◆ WORK ITEM: Copy the data below exactly.
(SUPPLIED MATERIAL Opens)
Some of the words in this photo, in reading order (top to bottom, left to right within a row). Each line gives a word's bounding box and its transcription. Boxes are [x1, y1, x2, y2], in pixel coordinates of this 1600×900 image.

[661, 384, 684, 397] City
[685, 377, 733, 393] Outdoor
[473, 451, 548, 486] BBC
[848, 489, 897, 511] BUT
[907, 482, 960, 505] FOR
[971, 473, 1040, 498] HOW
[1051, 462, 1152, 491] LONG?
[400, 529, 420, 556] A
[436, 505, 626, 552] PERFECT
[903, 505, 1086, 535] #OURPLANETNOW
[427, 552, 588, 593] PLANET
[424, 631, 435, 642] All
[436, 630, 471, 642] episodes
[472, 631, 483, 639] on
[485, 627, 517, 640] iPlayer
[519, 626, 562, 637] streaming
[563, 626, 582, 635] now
(SUPPLIED MATERIAL Closes)
◆ WRITTEN SOLUTION:
Some of the words in this photo, in reading order (top to bottom, left to right within a row). Each line gives a word's bounding box and its transcription. Boxes are [x1, y1, x2, y2], in pixel coordinates of this 1600×900 image.

[661, 384, 684, 397] City
[685, 377, 733, 393] Outdoor
[473, 451, 548, 486] BBC
[848, 489, 897, 511] BUT
[907, 482, 960, 505] FOR
[971, 473, 1040, 498] HOW
[1051, 462, 1152, 491] LONG?
[400, 529, 420, 556] A
[436, 505, 626, 552] PERFECT
[903, 505, 1086, 535] #OURPLANETNOW
[427, 552, 588, 593] PLANET
[424, 631, 435, 642] All
[436, 630, 471, 642] episodes
[472, 631, 483, 639] on
[485, 627, 517, 640] iPlayer
[519, 626, 562, 637] streaming
[563, 626, 582, 635] now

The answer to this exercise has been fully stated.